Folha de S. Paulo


Dono de acervo com 1,6 milhão de vinis quer montar pousada temática

Uma noite, quatro paredes, alguns milhares de vinis e uma vitrola.

Esse é o pacote planejado para uma pousada que será aberta em Ibiúna (69 km da capital) em janeiro, com 20 quartos, cada um dedicado a um tema musical --como Beatles, Jovem Guarda, sertanejo de raiz, rock dos anos 1970 e bossa nova. Na decoração, móveis antigos restaurados e aparelhos de décadas atrás, como televisores de tubo feitas de madeira (ainda funcionando).

Os discos vieram do acervo acumulado desde 2001 por Manoel Jorge Dias, 58. Ele diz possuir 1,6 milhão deles, espalhados por cinco imóveis alugados na Mooca. A sãopaulo fez a conta: num centímetro de prateleira, cabem três bolachas (mais embalagem). Seriam precisos cinco quilômetros de estante para armazenar tudo.
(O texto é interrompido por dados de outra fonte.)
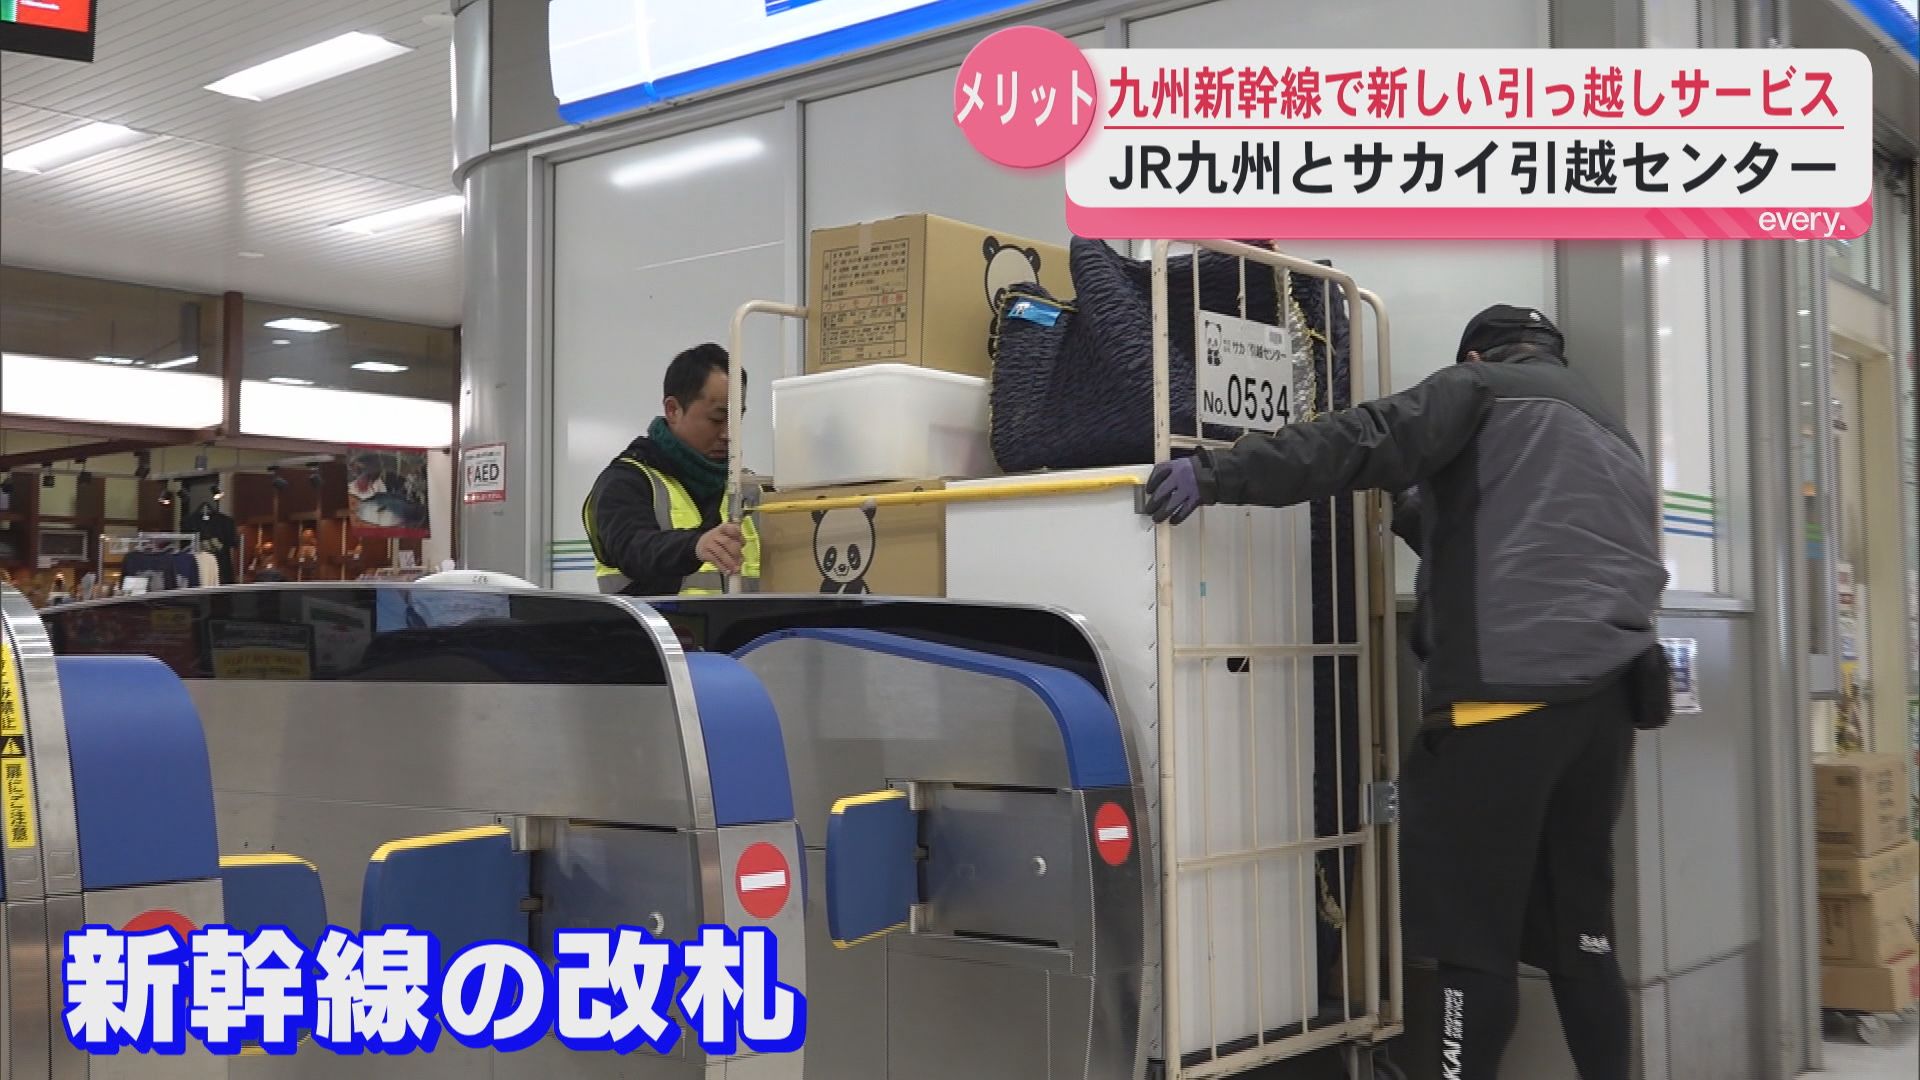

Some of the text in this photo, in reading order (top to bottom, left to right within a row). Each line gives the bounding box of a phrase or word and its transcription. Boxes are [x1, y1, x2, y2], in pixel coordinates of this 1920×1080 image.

As duas lojas principais, sem placa na porta, formam o Sebo Jovem Guarda. Numa delas, no nº 3.401 da rua da Mooca, prateleiras de vinis vão até o teto. Caixas dificultam a circulação. Uma fina camada de poeira cobre o material, e bacias contêm goteiras.

O legado não está totalmente organizado. A trilha da novela "Roque Santeiro" (1985-86) fica ensanduichada entre um Rolling Stones e um Raça Negra, por exemplo. Como a maior parte dos vinis foi adquirida sem seleção prévia, trabalhos de artistas pop, como Xuxa, são os mais encontrados.

No andar de cima ficam os títulos mais raros --mas não inegociáveis. Faz pouco, ele vendeu "Louco por Você", estreia de Roberto Carlos, de 1971, por R$ 7.000. Ele tem ainda dois exemplares da biografia proibida do cantor, de 2006, de Paulo César Araújo.

ENGENHEIRO DE IMPLOSÕES

O proprietário leva vida comercial dupla. Além de ser o Jorge dos vinis, ele trabalha há 25 anos como engenheiro no setor de implosões de prédios. Nessa área, ele é o Manoel, ou "Manezinho da Implosão".

Foi um dos responsáveis por colocar abaixo o Carandiru e o edifício Palace 2, no Rio --a operação mais difícil de sua carreira, pela "sensação de morte muito presente".

Após realizá-la, o engenheiro reavaliou sua vida. E decidiu criar a tal pousada. Começou a procurar materiais usados em leilões para realizar o sonho. Em 2000, num pregão da Avon, pretendia arrematar lençóis. Mas perdeu o controle com os preços baixos: comprou cinco carretas de "achados", a maioria roupa.

Sem saber o que fazer com tantas peças, Jorge montou uma loja para a sobrinha (sem sucesso). Para compensar o prejuízo, trocou as roupas por objetos usados.

Nessa vida de escambo, certa vez aceitou 200 mil vinis como pagamento por terrenos. "Buscamos os discos numa loja no centro com cinco caminhões." Começou a tomar gosto.

Jorge não se considera um grande entendedor de música. Seu ritmo preferido é o sertanejo de raiz. O que o atrai nos discos são as capas, que "trazem muitas informações sobre cada época e geralmente são bonitas".

As trocas trouxeram acervo para montar uma loja de antiguidades, onde os álbuns dividem espaço com pianos, secretárias eletrônicas, gibis, livros e vitrolas (R$ 200, em média).

Em um anexo, brinquedos, latas de filmes e até um caixão preto, que veio junto com objetos de uma loja da Maçonaria que fechou.

O QUE FAZER COM OS DISCOS

As lojas da rua da Mooca, que nos últimos meses recebiam apenas compradores com hora marcada, voltaram a funcionar das 9h às 18h.

E com uma promoção: qualquer disco do térreo sai por R$ 9,90 --Jorge chegou a pagar R$ 0,50 a quem queria se desfazer de uma bolacha.

Ele tem outro plano: construir um centro cultural para guardar parte dos álbuns, numa casa dos anos 1940 na rua dos Trilhos, também na Mooca.

Uma das funções do espaço será resgatar a história de pessoas que lançaram um único disco na vida e não fizeram sucesso. "Uma moça veio de Sorocaba até a loja atrás de quatro compactos que o pai dela gravou quando jovem --e os encontrou aqui."

Duas apostas que não deram certo no microfone: Lima Duarte ("Os Homens Não Devem Chorar", de 1976) e Tony Ramos ("Toni Ramos...Com Muito Amor", Tony com "i", do início dos anos 1980). Dá para achar seus compactos no sebo Jovem Guarda.